Unit Plan 14 (Grade 6 Social Studies): Indus Valley Civilization
Explore how monsoon-fed rivers powered Indus Valley farming, how Mohenjo-Daro’s advanced city planning and water systems revealed organized governance, and how trade routes and specialized goods connected the Indus to thriving ports and distant regions.
Focus: Explore Mohenjo-Daro’s city planning, water/engineering technology, and trade links connecting the Indus with neighboring regions.
Grade Level: 6
Subject Area: Social Studies (Geography • History • Economics • Inquiry/Skills)
Total Unit Duration: 5 sessions (one week), 50–60 minutes per session
I. Introduction
Students examine how monsoon cycles and the Indus River floodplain enabled dense urban settlement, then analyze how Mohenjo-Daro’s grid plan, baked-brick architecture, wells, drains, and the Great Bath reflected sophisticated public works and governance. Finally, learners map trade networks (overland and maritime) to explain interdependence with regions such as Mesopotamia and coastal ports.
Essential Questions
- How did the monsoon and river systems shape where and how Indus peoples lived?
- What do urban planning and water technology reveal about priorities and organization in Mohenjo-Daro?
- How did trade routes, resources, and specialization connect the Indus to the wider world?

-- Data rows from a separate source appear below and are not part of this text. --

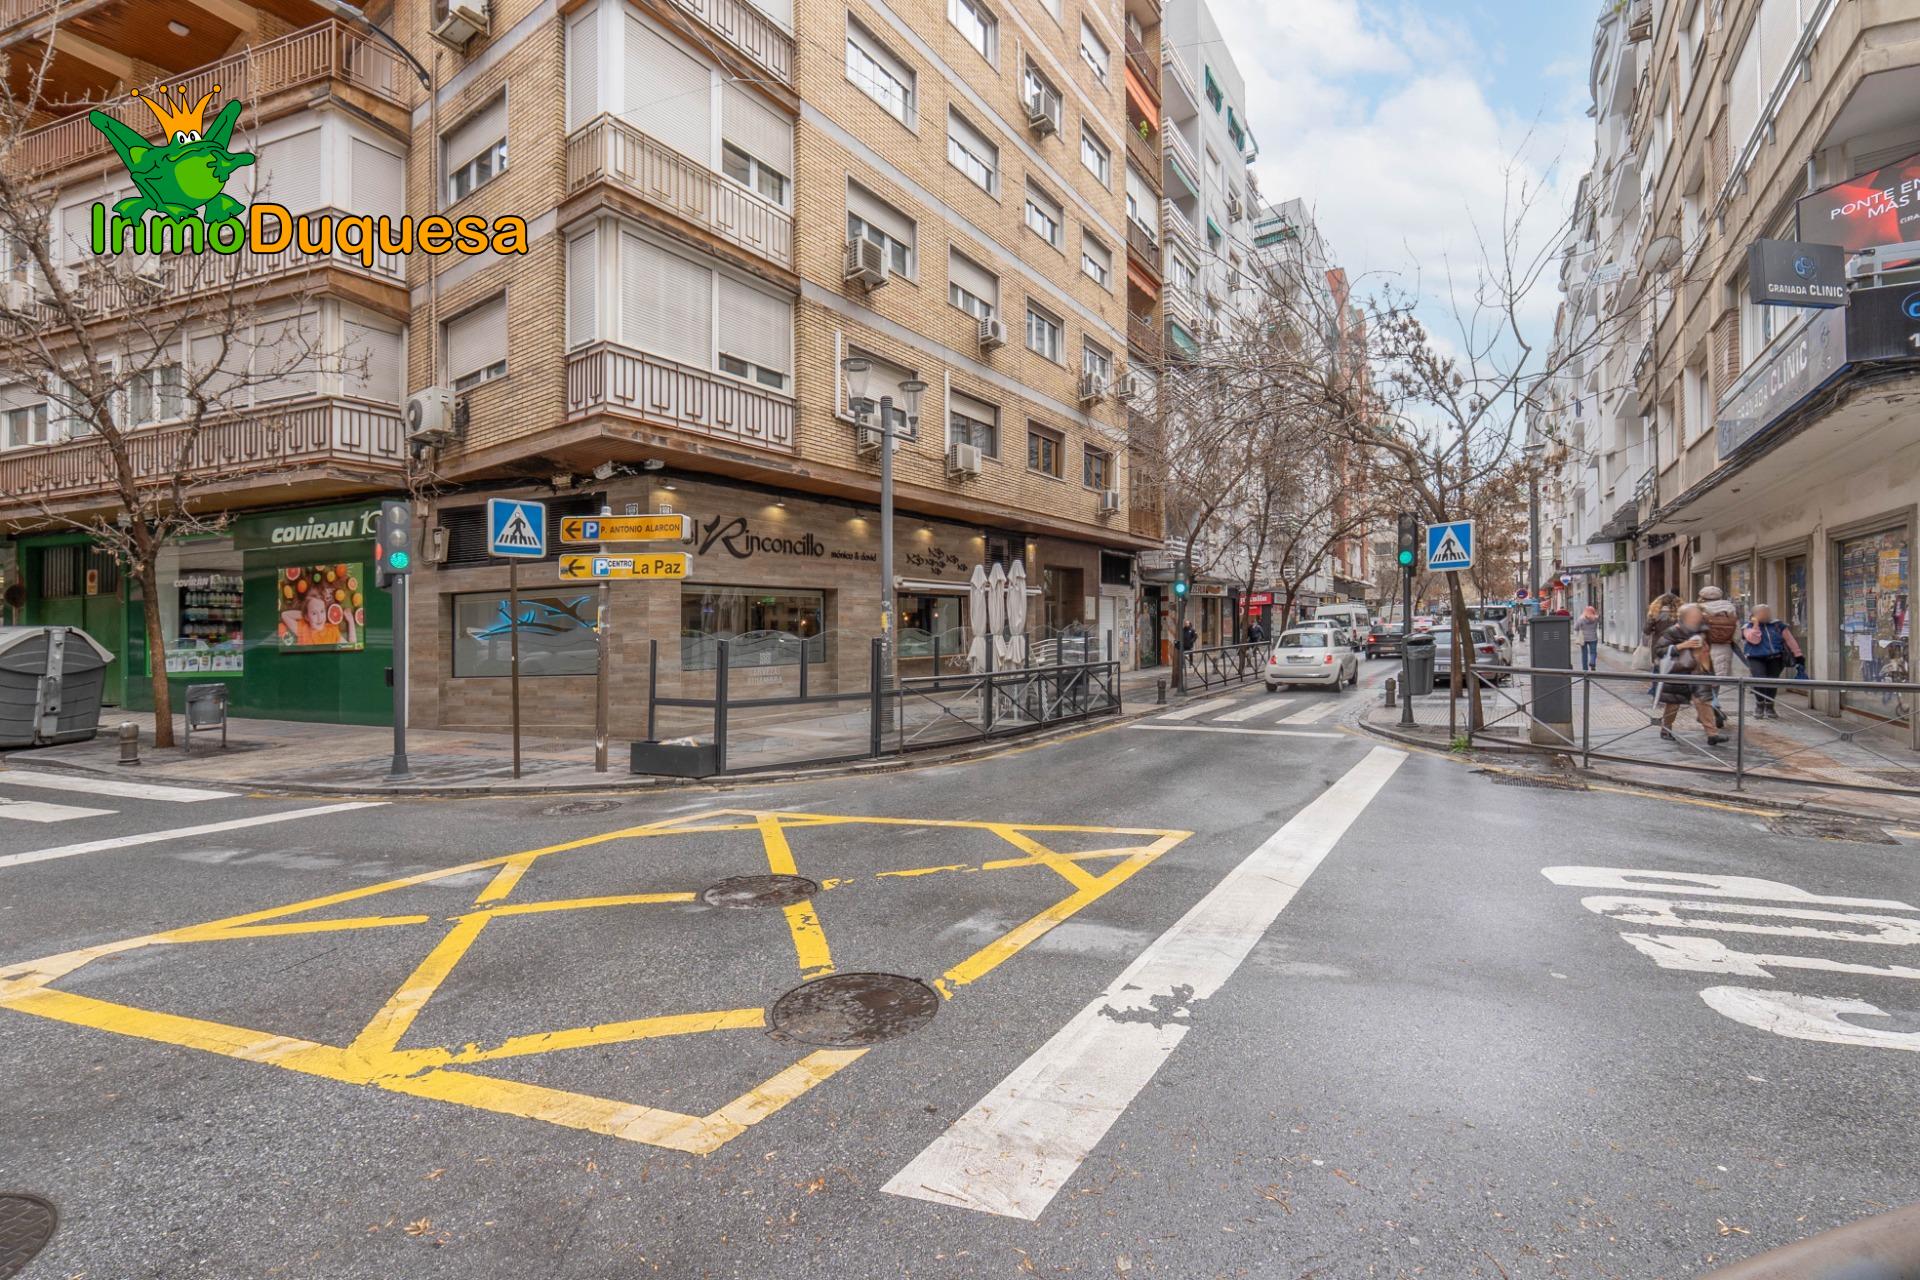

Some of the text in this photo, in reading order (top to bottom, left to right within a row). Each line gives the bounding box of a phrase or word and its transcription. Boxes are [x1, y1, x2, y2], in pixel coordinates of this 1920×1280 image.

[1830, 187, 1895, 220] PONTE
[1767, 283, 1844, 298] GRANADA CLINIC
[1769, 340, 1808, 396] CLINIC
[609, 524, 643, 534] ANTONIO
[644, 523, 680, 533] ALARCON
[607, 559, 633, 569] CENTRO
[632, 560, 650, 575] La
[654, 559, 681, 575] Paz

II. Objectives and Standards
Learning Objectives — Students will be able to:
- Explain how physical systems (monsoon rains, river flooding, alluvial soils) influenced settlement, agriculture, trade, and hazards in the Indus region.

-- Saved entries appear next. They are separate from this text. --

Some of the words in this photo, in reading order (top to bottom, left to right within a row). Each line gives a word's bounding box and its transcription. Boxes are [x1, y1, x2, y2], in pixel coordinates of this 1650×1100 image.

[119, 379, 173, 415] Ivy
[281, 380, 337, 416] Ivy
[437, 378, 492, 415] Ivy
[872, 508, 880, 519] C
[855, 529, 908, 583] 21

- Describe causes/effects linking surplus to specialization, urban planning, and public works (grids, drainage, wells, granaries).

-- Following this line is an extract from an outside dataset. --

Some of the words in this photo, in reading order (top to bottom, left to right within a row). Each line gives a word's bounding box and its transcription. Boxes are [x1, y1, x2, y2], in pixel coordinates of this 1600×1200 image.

- Analyze how people adapted and modified their environment (baked bricks, elevated citadels, streets/drains) to reduce risk and improve life.
- Map trade and interdependence, identifying routes, ports, and goods; infer why certain nodes prospered.
Standards Alignment — 6th Grade (C3-based custom)
- 6.C3.Geo.3: Physical systems → settlement, agriculture, trade, hazards.
- 6.C3.Geo.4: Human–environment interaction (adaptation, modification, conservation).
- 6.C3.Hist.2: Causes/effects for key developments (agriculture, urbanization, belief systems).
- 6.C3.Econ.4: Trade, supply/demand, interdependence; routes and prosperous ports.
Success Criteria — Student Language
- I can show how monsoons and the Indus floodplain supported farming and cities.
- I can explain how surplus and specialization led to city planning and public works.
- I can map routes, ports, and goods and explain why a trade hub thrived.